The airport was a major target during the conflict, and so most of the buildings and hangers have been completely destroyed. As you come in towards the runway, you can see the burnt-out carcasses of planes and helicopters – some commercial, some military. Bit of helicopters and fighter jets litter the grass around the runway, and it is hard to imagine that they were just parked there on the grass right next to the runway – most must have been shot down on take off and landing. Which makes coming in to land over so many of them really quite terrifying.

I could only get a few photos, but there was around 20 of these dead planes and helicopters…

Of course it is safe – UNHAS have negotiated permission to fly in and out and they are the only ones using this runway now, so they are not a target (in theory) and both sides know when flights are expected.

Still, it makes for an uneasy and unsettling landing.

The part of the airport that is still functioning was a strange building. In parts, huge marble halls of what clearly used to be a very nice and modern airport. However the signs of disrepair and neglect are everywhere – polystyrene ceiling tiles are hanging down all over the place, dust and dirt, and a lot of stray cats wandering the cavernous empty halls.

Airport cats…

Don’t worry, there’s no actual glass in this door, so the cats can come and go as they please

My flight in had only about 10 passengers, so we queued up to get our visas, and have our bags x-ray’d, but it felt very strange to be such a small number of people in a huge and totally empty airport.

The drive down to the office was uneventful – strict security means you cannot travel through the city at all so we went the long way driving all the way around the outside of the city to our offices. Sana’a is at quite high altitude, so most people coming in tend to be a bit tired, headachey and altitude sick for the first day or two.

On arrival the security guards come out and check under the car for bombs before opening the gates and letting the car enter. We repeated this procedure every time we went anywhere in the car, which left me wondering what happens if they actually find a bomb – presumably jump out of the car and run!

The main risks for foreigners currently in Yemen are airstrikes and kidnapping, so although I had already had security briefings prior to arrival we went over these again – for kidnapping, the main issues are ensuring that you are getting in and out of cars inside the gates if at all possible and not on the road, or if you are for example being dropped off at the shop or hotel, to get inside quickly and don’t wait around outside in full view. They also advise trying to take different routes to and from places, and try not to have predictable patterns, so for example, don’t always go to the supermarket on a Monday, and drive different routes if you are going to the same place every day.

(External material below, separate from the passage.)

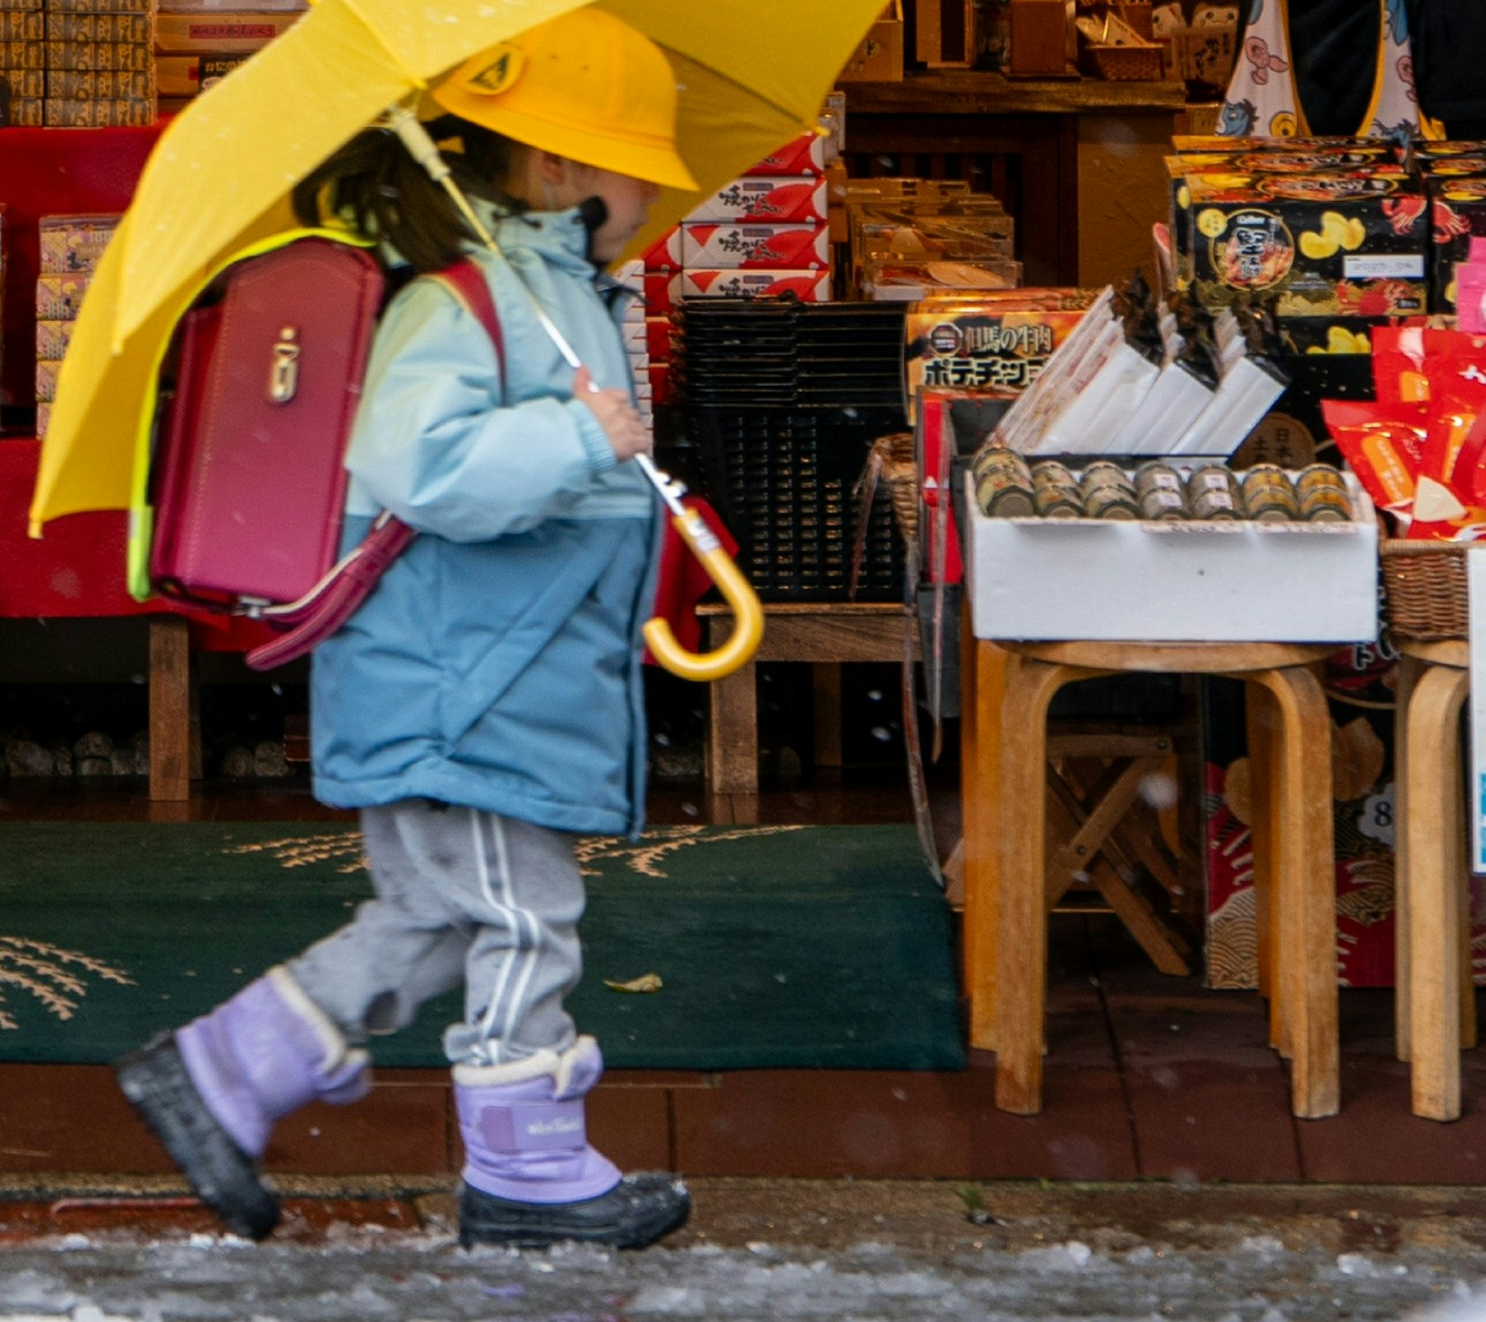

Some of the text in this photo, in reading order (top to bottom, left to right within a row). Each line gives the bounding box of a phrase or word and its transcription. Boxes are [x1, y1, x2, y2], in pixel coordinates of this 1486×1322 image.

[964, 325, 1054, 354] 但馬の牛肉

The kidnap risk is high enough in Yemen that we are not allowed to walk to the office, even though the guesthouse is LITERALLY next door to the office. We have to get in the car, seatbelts on, call security dispatch, then they open the gates and we drive NEXT DOOR where they come and check the car for bombs before letting us in. It seems utterly mad, but on the other hand better safe than sorry! They also told me that a week before I arrived, a truck had stopped outside the office and taken some photos. They had reported it to the authorities, but were taking extra precautions just in case someone was casing the place.

When it comes to airstrikes, the office is located outside of the city, as most of the city centre is a potential target. Usually civilian targets are supposed to be avoided, and most airstrikes are aimed at military bases, however

  • most of the military bases and places of importance are scattered around the city, so anywhere in the city is probably 1-2km from the nearest military target
  • sometimes they miss their targets (though not usually)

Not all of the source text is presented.